I discovered this the exhausting approach whereas engaged on a undertaking that required me to mix hundreds of thousands of buyer orders with an equally massive demographic dataset.
Every file was massive sufficient by itself, however combining them felt like attempting to power two puzzle items collectively whereas my laptop computer begged for forgiveness.
Panda’s case is so time-consuming that he began timing the joins the identical approach folks time their microwave popcorn.
Spoiler: The popcorn received each time.
Polars and DuckDB gave me a life.
For pandas:
merged_pd = df_pd.merge(pop_df_pd, on="nation", how="left")
Polar:
merged_pl = df_pl.be a part of(pop_df_pl, on="nation", how="left")
Duck DB:
merged_duck = con.execute("""
SELECT *
FROM 'gross sales.csv' s
LEFT JOIN 'pop.csv' p
USING (nation)
""").df()
combine Giant datasets that beforehand would freeze workflows now run easily and effectively.
Lazy analysis in Polars
One factor I did not perceive early on in my knowledge science journey was how a lot time was wasted performing transformations line by line.
Polars takes a special method to this.
use A method referred to as lazy analysis. Principally, wait till the transformation definition is full earlier than performing the operation..
It inspects all the pipeline, determines essentially the most environment friendly path, and runs every part on the identical time.

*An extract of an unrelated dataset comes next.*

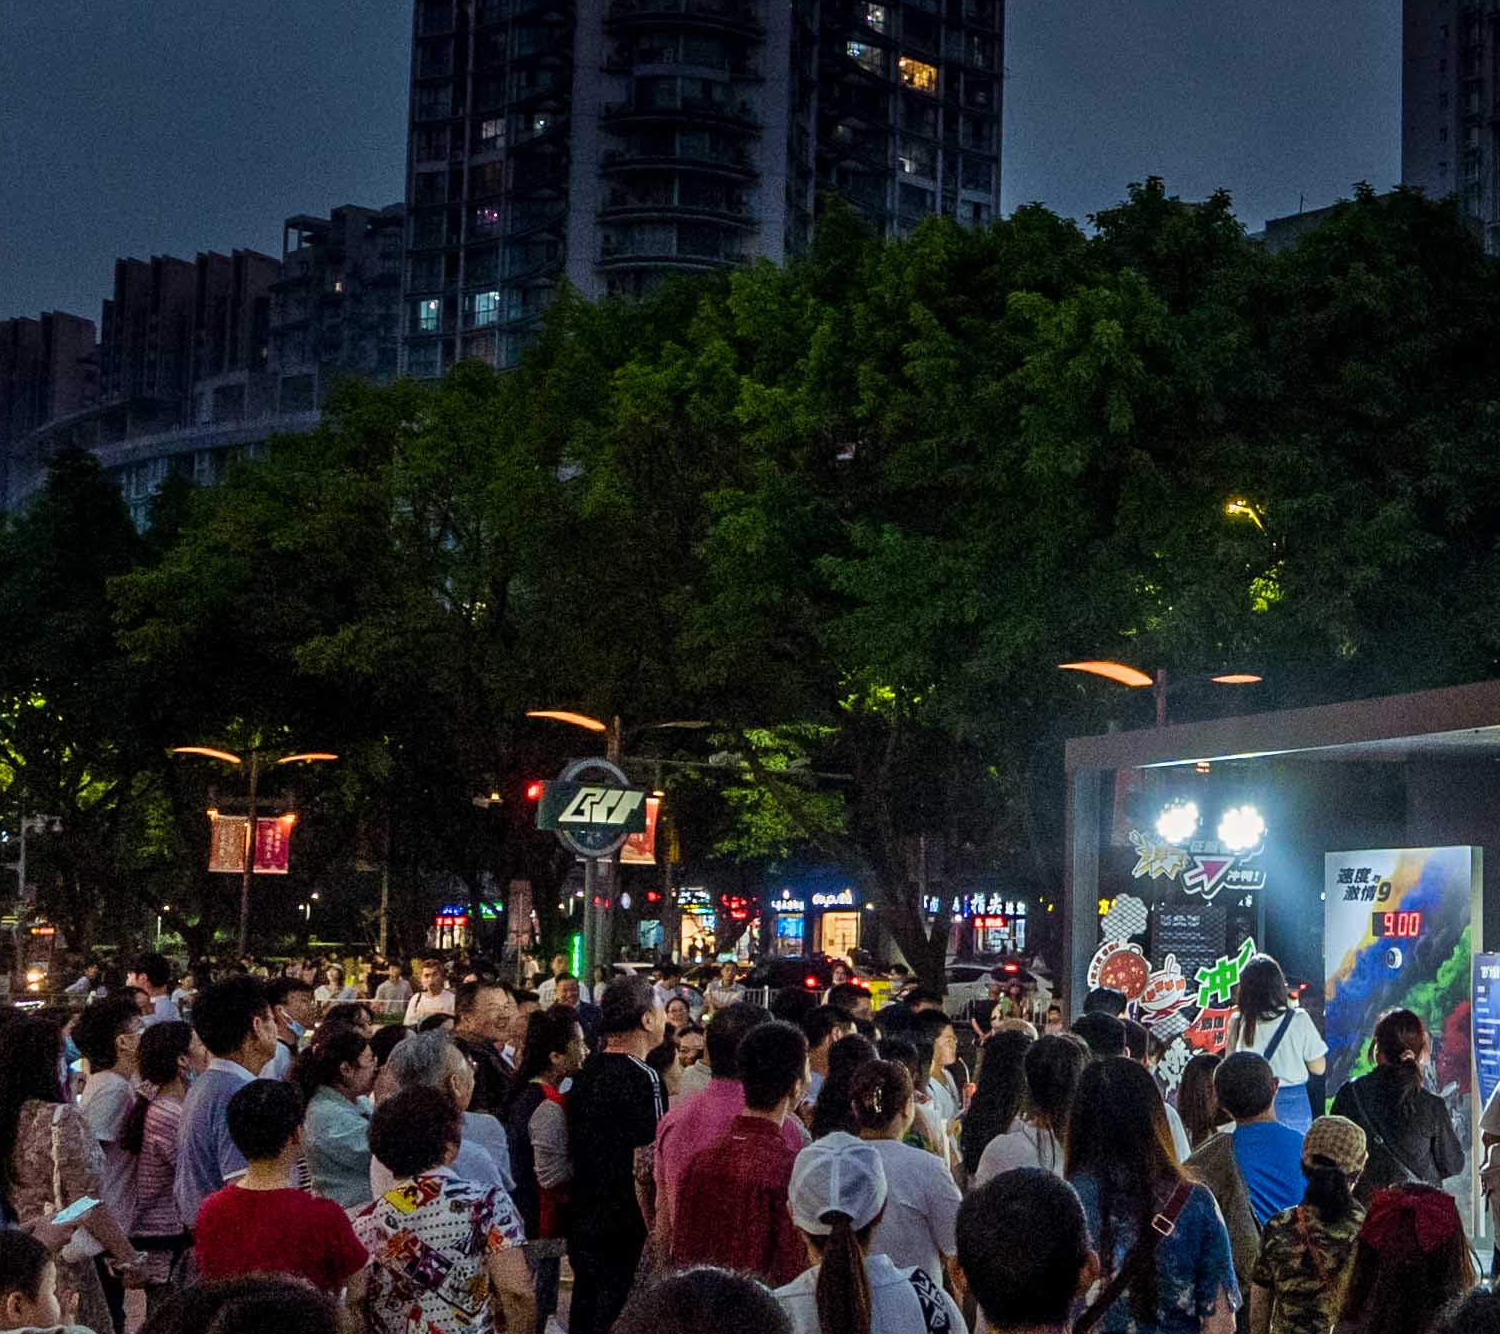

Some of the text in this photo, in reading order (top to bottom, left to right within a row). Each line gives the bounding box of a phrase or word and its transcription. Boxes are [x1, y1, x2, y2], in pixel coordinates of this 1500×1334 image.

[1337, 867, 1382, 885] 速度与
[1343, 881, 1392, 902] 激情9

It is like having a pal who listens to your total order earlier than you go to the kitchen, as a substitute of a pal who takes every instruction individually and retains going backwards and forwards.
This TDS article explains lazy analysis intimately.
The move is as follows.
Panda:
df = df[df["amount"] > 100]
df = df.groupby("phase").agg({"quantity": "imply"})
df = df.sort_values("quantity")
Polars lazy mode:
import polars as pl
df_lazy = (
pl.scan_csv("gross sales.csv")
.filter(pl.col("quantity") > 100)
.groupby("phase")
.agg(pl.col("quantity").imply())
.kind("quantity")
)
outcome = df_lazy.acquire()
The primary time I used deferred mode, I discovered it unusual that I did not see outcomes straight away. But when I run within the finals .acquire()the pace distinction was apparent.
Lazy analysis would not magically remedy all efficiency issues, nevertheless it does present a stage of effectivity for which Pandas was not designed.
Conclusion and details
No have to wrestle with instruments when working with massive datasets.
With Polars and DuckDB, we have discovered that the issue is not at all times with the information. In some circumstances, it was because of the instruments we have been utilizing to deal with it.
If there’s one factor you will take away from this tutorial, let or not it’s this. You do not have to desert Pandas, however you’ll be able to attain for one thing higher when your dataset begins to exceed its limits.
Polars offers you pace and good execution, and DuckDB permits you to question large information like they’re small. Collectively, these make working with massive knowledge extra manageable and fewer tiring.
If you want to be taught extra in regards to the concepts explored on this tutorial, please consult with the next official documentation: polar region and duck db An excellent place to start out is.